Although the pace of job growth slowed in December, the labour market still appears tight. Chiefly, annual wage growth accelerated to 4.7 per cent, failing to keep pace with prices but still above the pre-pandemic norm. While employment growth was down — the US added just 199,000 jobs — this appears to be because businesses struggled to find workers: the unemployment rate fell to 3.9 per cent, slightly above the rate in February 2020.

This departure of workers from the jobs market means that while inflation and wage data indicate that the US might be very close to what economists refer to as full employment, there are still 3.6m fewer workers in the US than before the pandemic. Jay Powell, the current Fed chair, argues that this should not be a barrier to continued tightening. In testimony during his Senate confirmation hearing this week, he said that these workers will be best served by a prolonged expansion and a gradual tightening. If the central bank falls further behind the inflation curve, it will have raise rates sharply, as Volcker did, provoking a recession.

It is unclear how much the Fed can really do for these workers at the moment. A “high-pressure economy”, as suggested by president Joe Biden and the Fed, is delivering wage growth and encouraging workers to seek out better options — quit rates, the portion of workers leaving their jobs voluntarily, have spiked.
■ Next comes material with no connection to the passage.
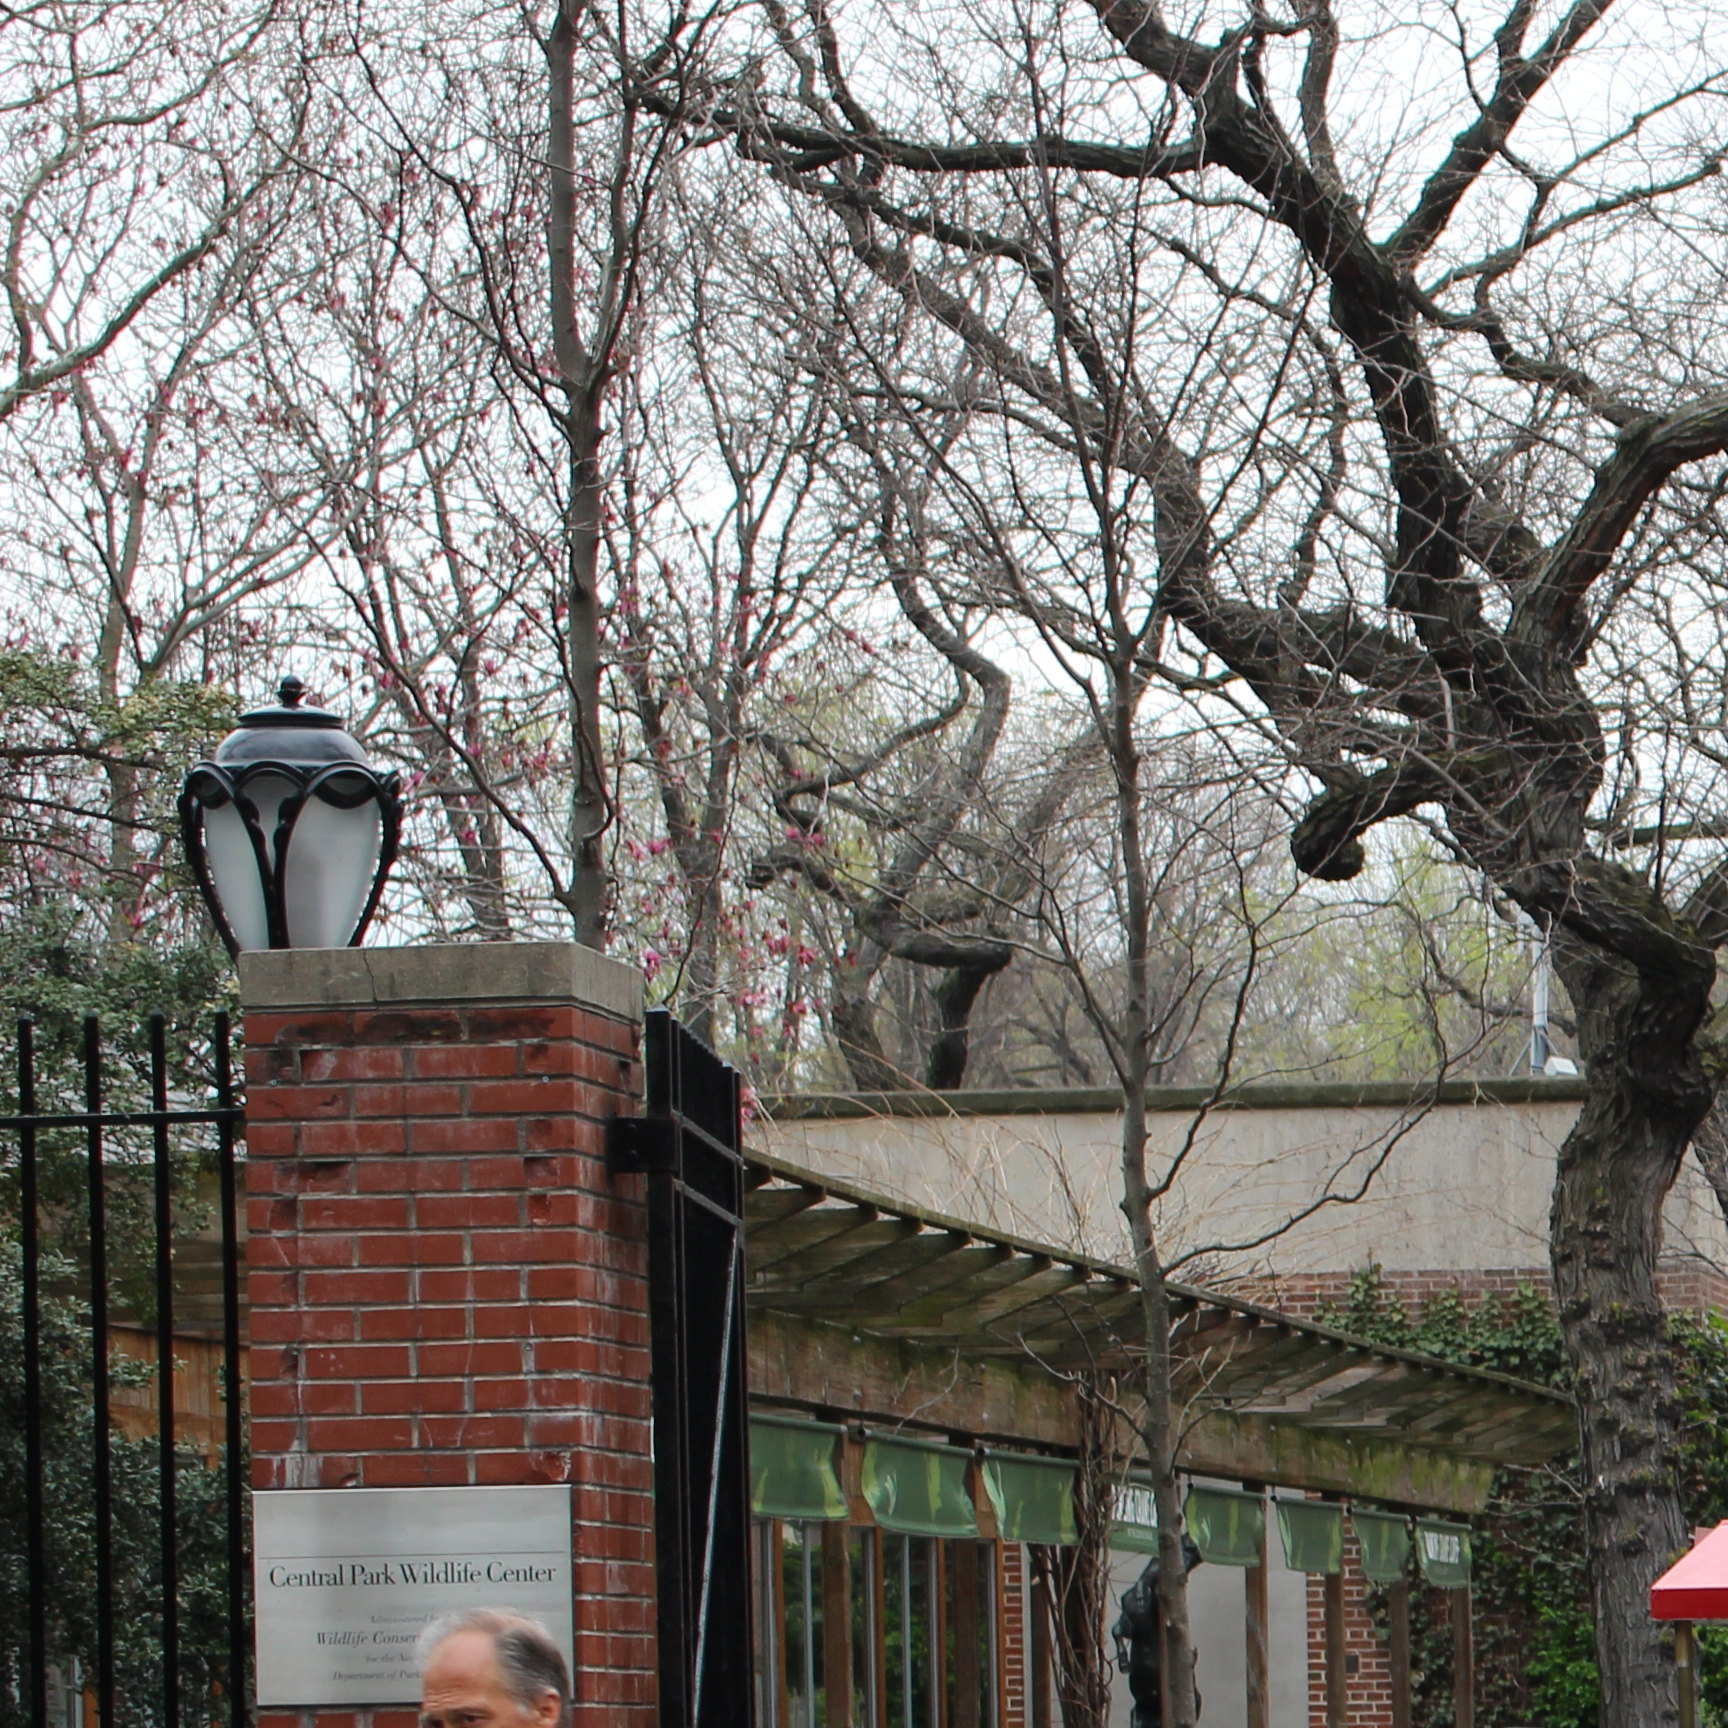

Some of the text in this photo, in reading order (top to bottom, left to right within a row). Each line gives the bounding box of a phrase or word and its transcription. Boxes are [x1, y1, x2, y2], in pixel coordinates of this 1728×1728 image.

[269, 1560, 557, 1588] Central Park Wildlife Center
[317, 1630, 421, 1647] Wildlife Conser
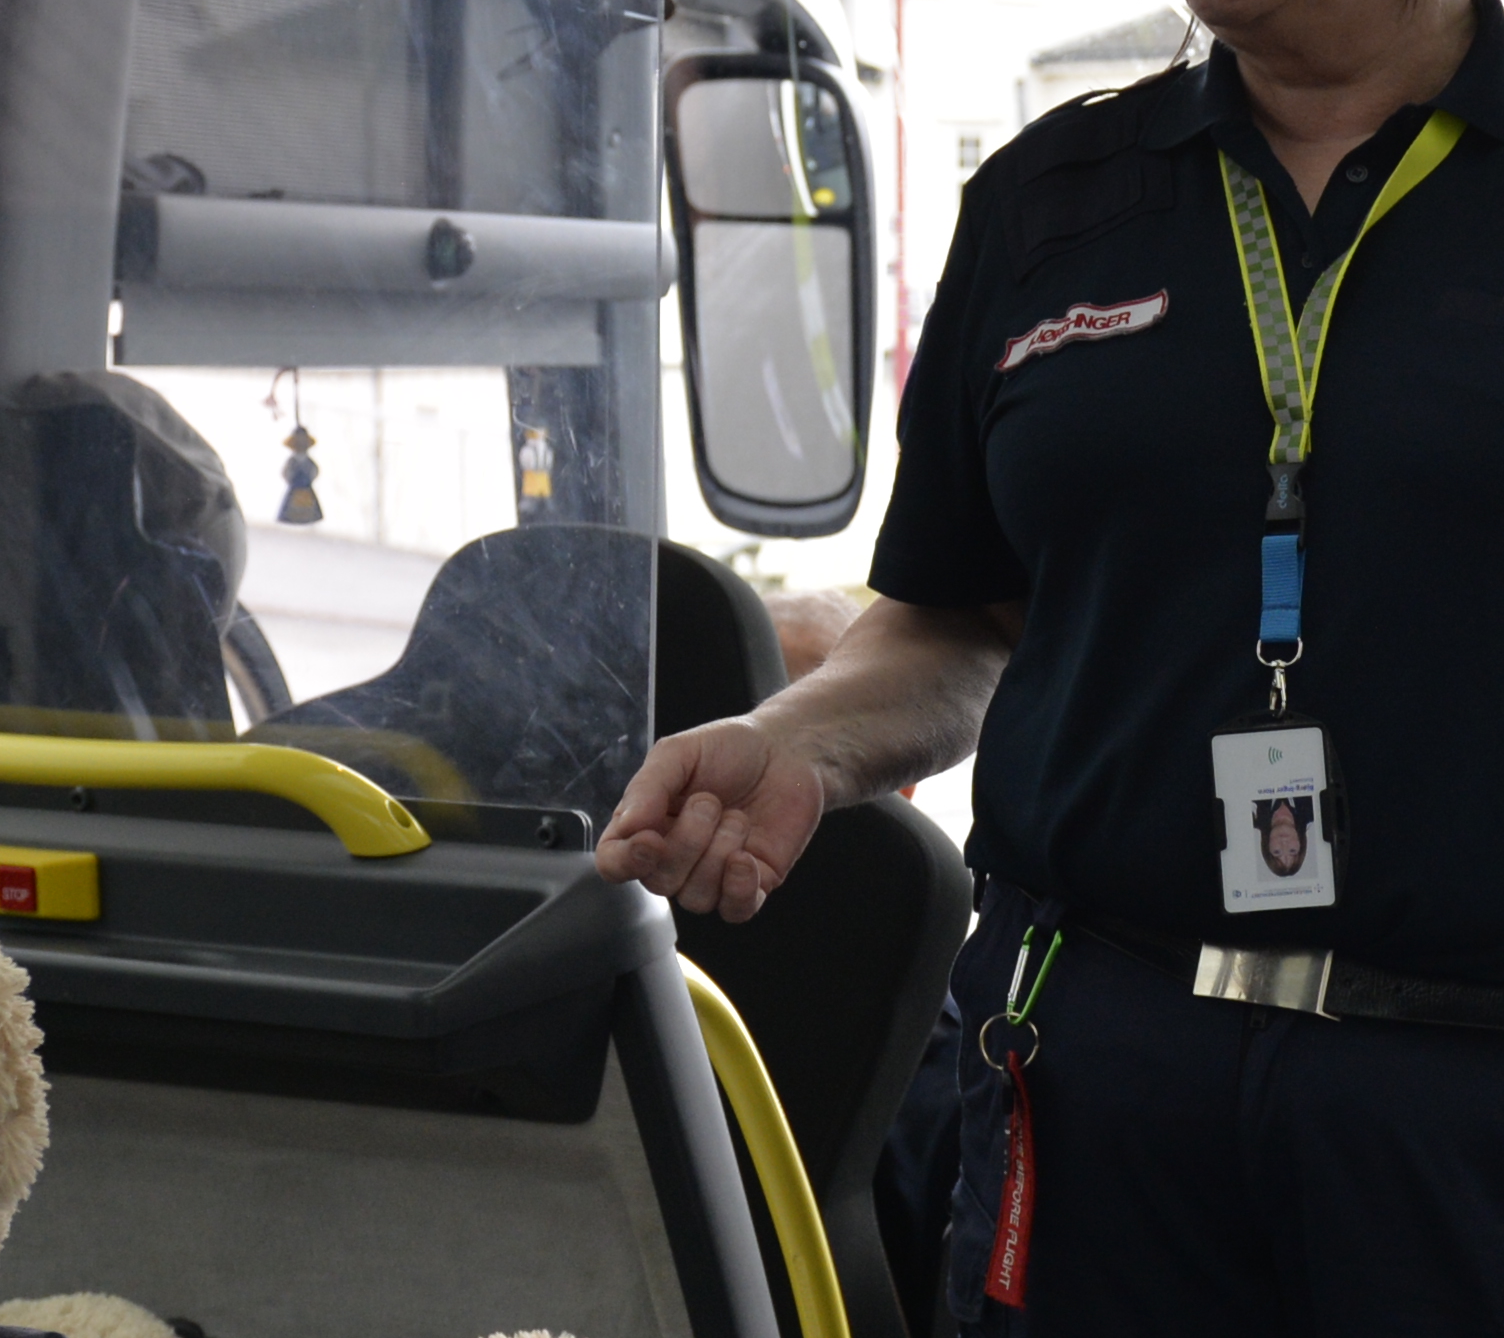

Indeed if wage growth is sustained it may begin to compensate for 40 years or so of stagnation. This means the workers who have left, however, have probably not done so because there is insufficient demand.

For that reason attracting the jobless back will need more structural reforms. Some of the workers are absent because the pandemic has not ended. School closures and coronavirus-related absences at childcare providers mean that parents often still need to stay home. Others may be concerned about infection in face-to-face workplaces or that jobs could once again disappear with another wave of infections.

Other problems are deeper. Labour market participation has fallen over the past few decades — and much faster than could be explained by “baby boomers” retiring alone. Indeed, the participation rate for US women is now below that of Japanese women, thanks more to successful reforms by former Japanese prime minister Shinzo Abe than the ultra-loose monetary policy in the country. The Fed has done its part to ensure a strong recovery, it is high time America’s congresspeople similarly did their bit.